无微不至(第二季)|山东省立医院输卵管妊娠大家谈

刘薇 妇科·主任医师

山东省立医院

一、流行病学

输卵管间质部妊娠(interstitialectopicpregnancy)是指受精卵着床于输卵管间质部的妊娠,约占输卵管妊娠的3.2%。病死率高达2%~3%,约占所有异位妊娠相关死亡的20%。

输卵管间质部妊娠疾病初期无明显症状、体征,具有隐蔽性,自然发展结局多为输卵管间质部妊娠破裂。

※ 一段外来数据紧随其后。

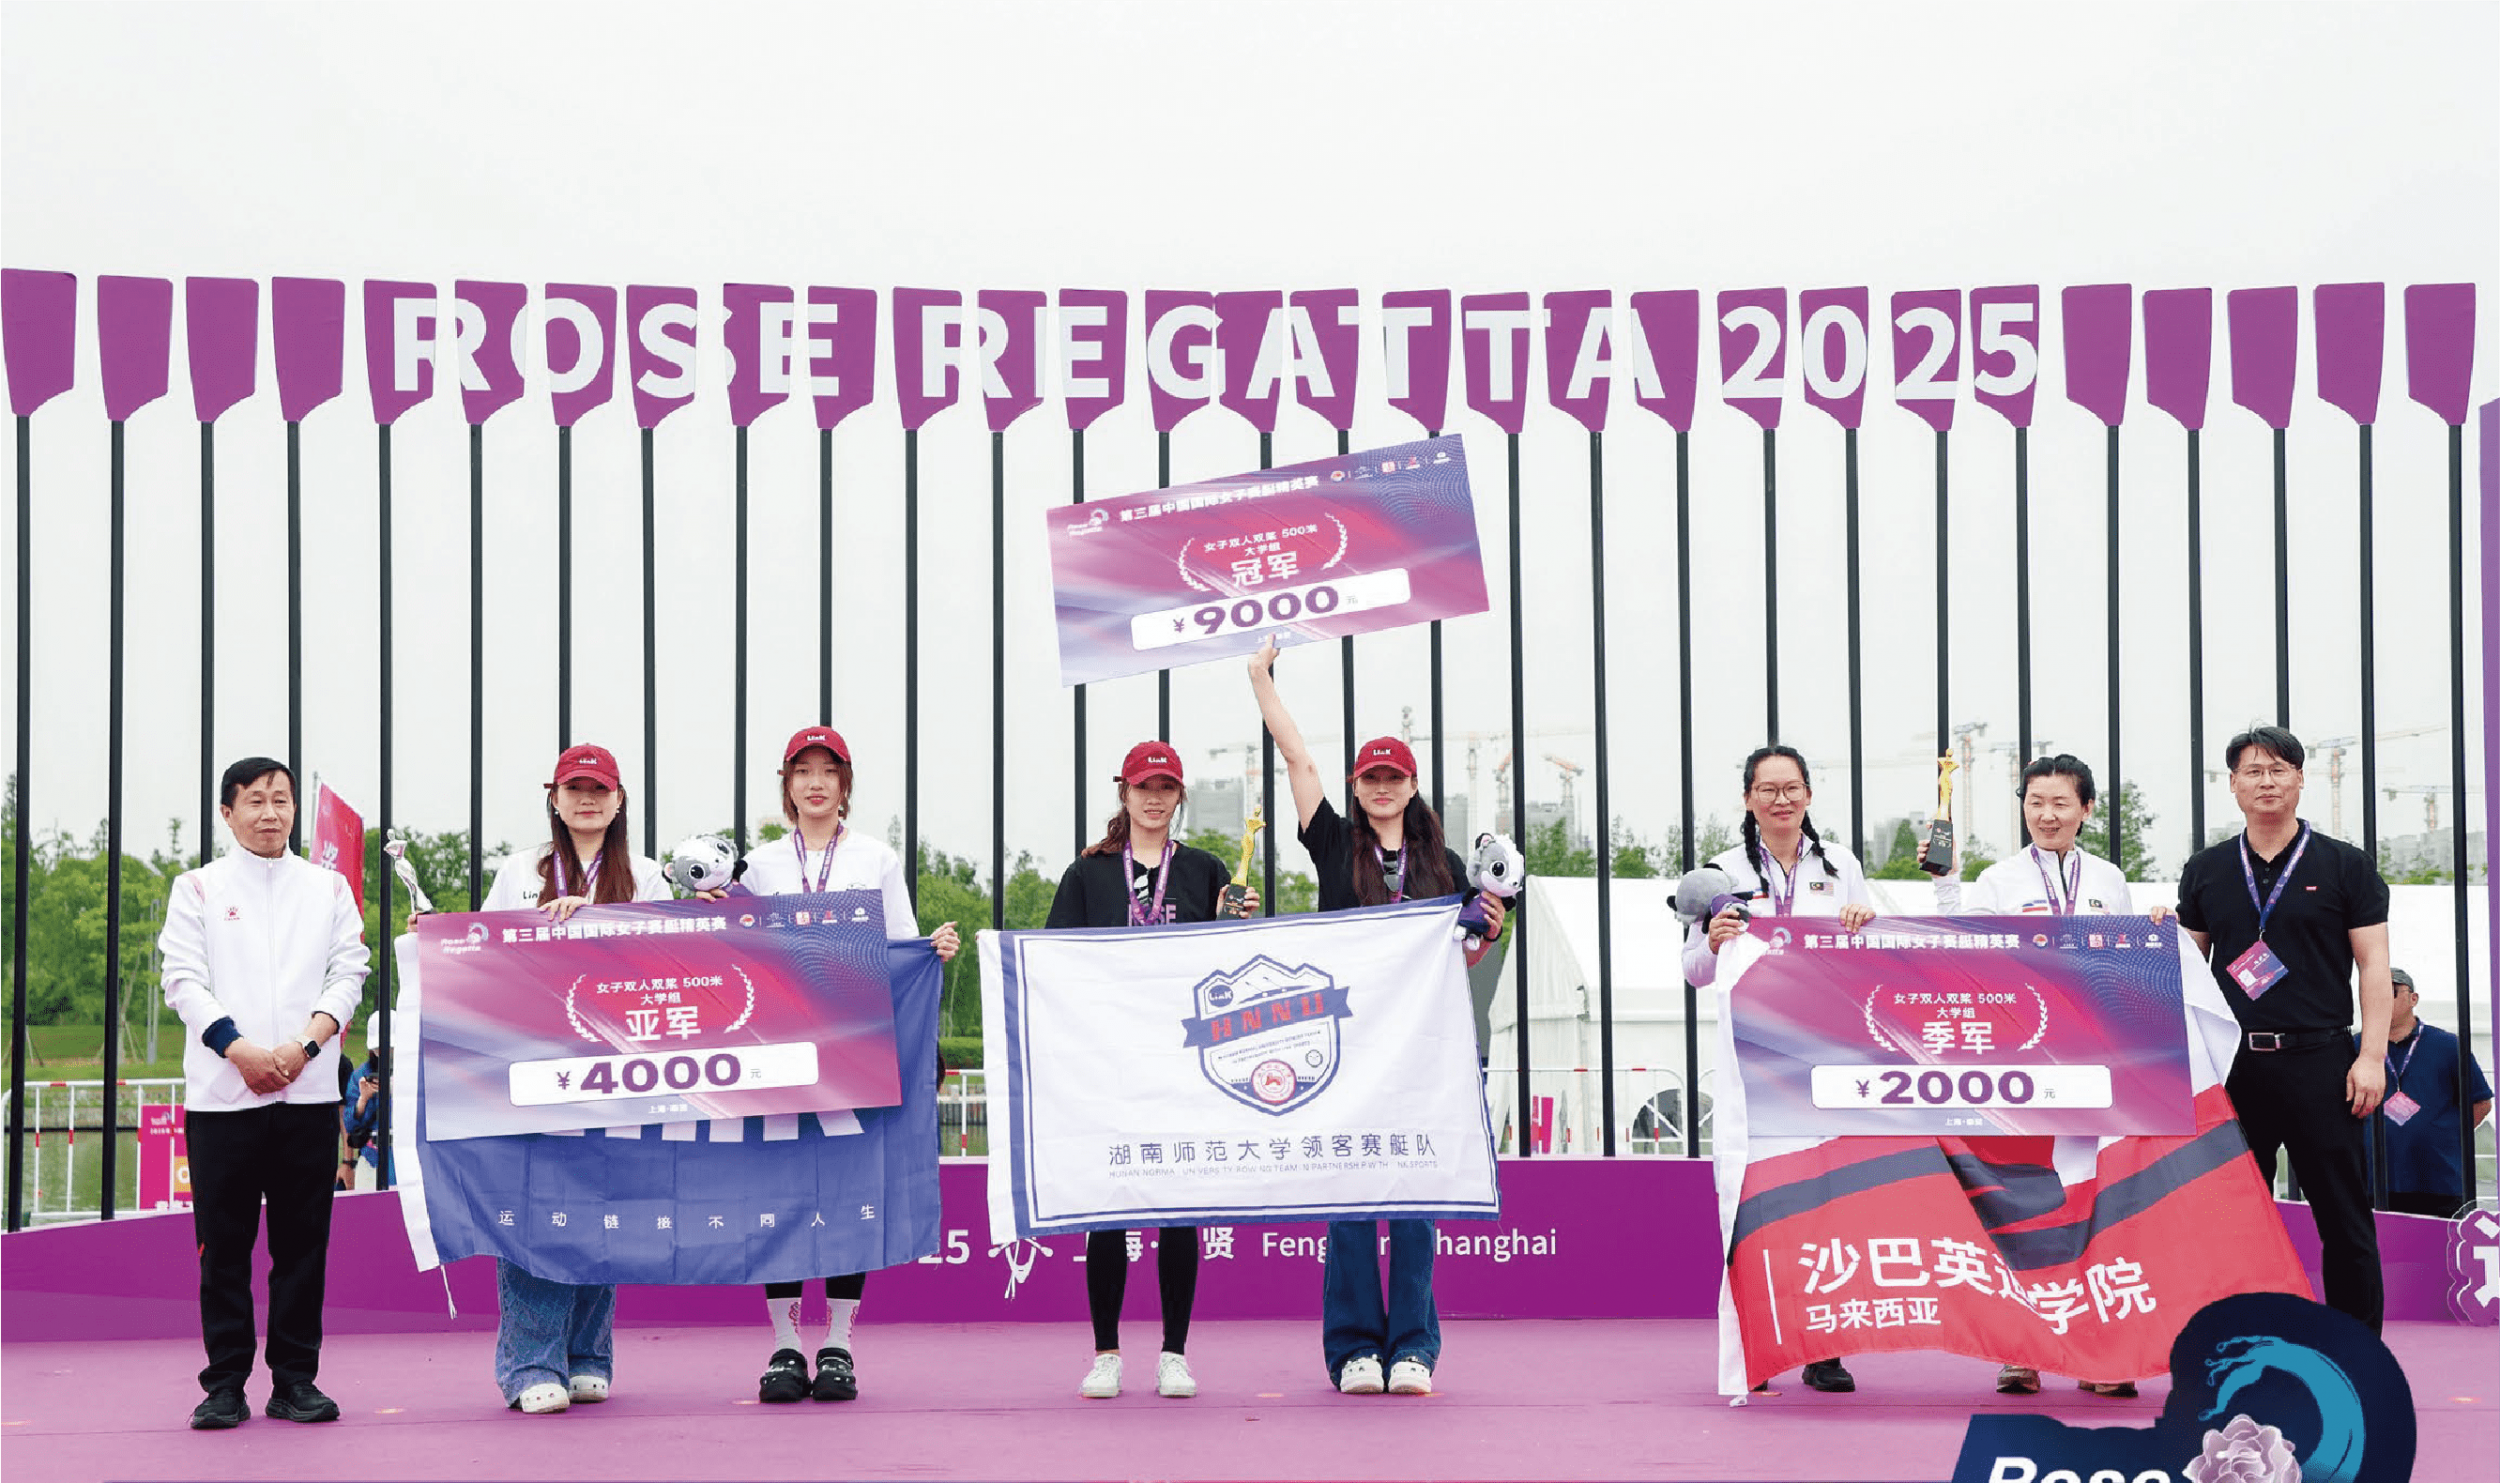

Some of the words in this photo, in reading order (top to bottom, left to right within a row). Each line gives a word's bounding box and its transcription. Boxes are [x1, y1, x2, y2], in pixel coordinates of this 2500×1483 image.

一旦破裂,患者短时间内可进入失血性休克状态,病情极其凶险。因此,早期诊断和及时处理这种特殊类型的妊娠,对于患者的预后至关重要。

输卵管间质部妊娠属于输卵管妊娠的一种,其发病高危因素与其他部位输卵管妊娠相同。

常见高危因素:输卵管炎症、输卵管妊娠史或手术史、输卵管发育不良或功能异常、辅助生殖技术、避孕失败等。

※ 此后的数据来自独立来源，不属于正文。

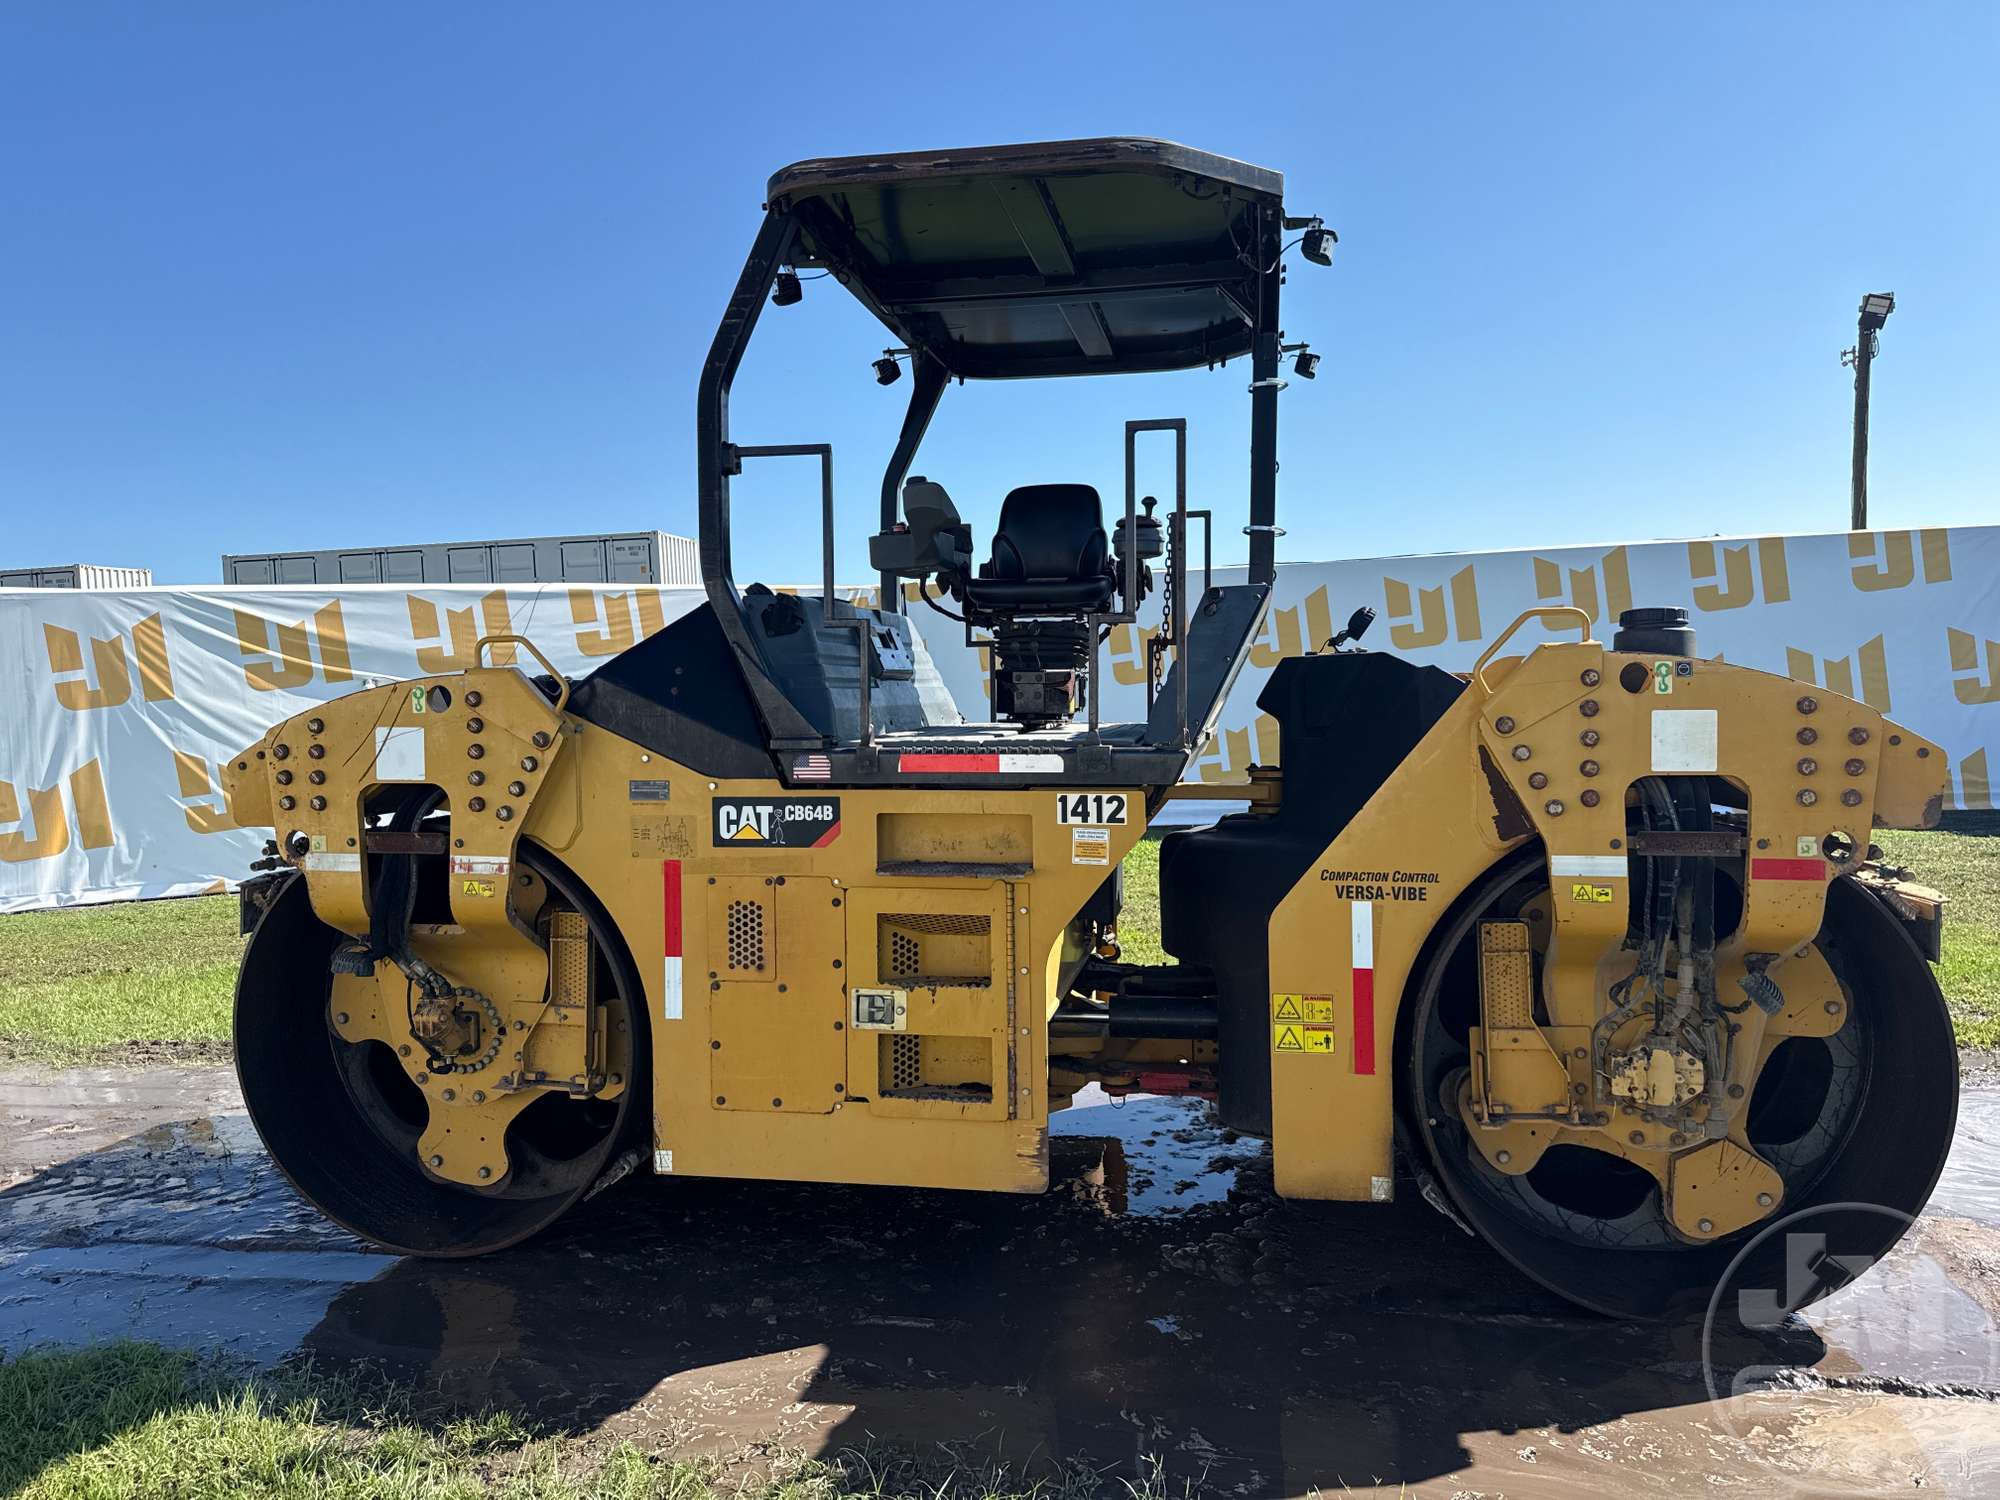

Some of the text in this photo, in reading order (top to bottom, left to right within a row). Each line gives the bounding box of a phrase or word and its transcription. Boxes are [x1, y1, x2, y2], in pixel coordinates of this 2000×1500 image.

[1058, 794, 1126, 824] 1412
[719, 804, 833, 840] CAT CB64B
[1320, 869, 1441, 884] COMPACTION CONTROL
[1335, 884, 1427, 901] VERSA-VIBE

相关危险因素:子宫肌瘤或卵巢肿瘤压迫输卵管、输卵管子宫内膜异位等。

二、解剖特点及生理病理

1、输卵管间质部的特点

输卵管间质部为输卵管潜行于子宫壁内的部分,长约1cm。接受子宫及卵巢来源的双重血供,血运丰富。输卵管间质部妊娠破裂常发生于妊娠12~16周。一旦破裂,可能危及生命。

2、子宫的变化

输卵管间质部妊娠和宫内妊娠一样,子宫也会出现相应的变化,如子宫增大变软,子宫内膜出现蜕膜反应。

三、诊断

1、临床表现

  • 停经:由于输卵管间质部的肌层较厚,一般发现较晚,有12~16周停经史,可能会出现早孕反应。
  • 阴道流血:仅有少数患者会出现不规则阴道流血。
  • 腹痛:输卵管间质部妊娠未破裂前可伴有一侧下腹部隐痛或酸胀感,破裂后出现急性下腹剧烈疼痛,随着腹腔内出血量增加,疼痛可蔓延至全腹部。
  • 晕厥与休克:输卵管间质部妊娠一旦破裂,可出现短时间内腹腔内大量出血,患者会迅速陷入失血性休克状态。

2、体征

  • 破裂前:患者生命体征平稳,无阳性体征。妇科检查有时可见子宫体增大、变软,一侧宫角部突出。
  • 破裂后:患者短时间内会出现失血性休克,下腹部压痛、反跳痛,以患侧为著。出血量>1000mL时,腹部叩诊有移动性浊音,妇科检查子宫有漂浮感。

3、辅助检查

(1)超声检查

超声是诊断输卵管间质部妊娠最重要和实用的诊断方法,可以更加准确的显示间质部妊娠病灶的整体结构,其诊断准确率可以达到93.55%。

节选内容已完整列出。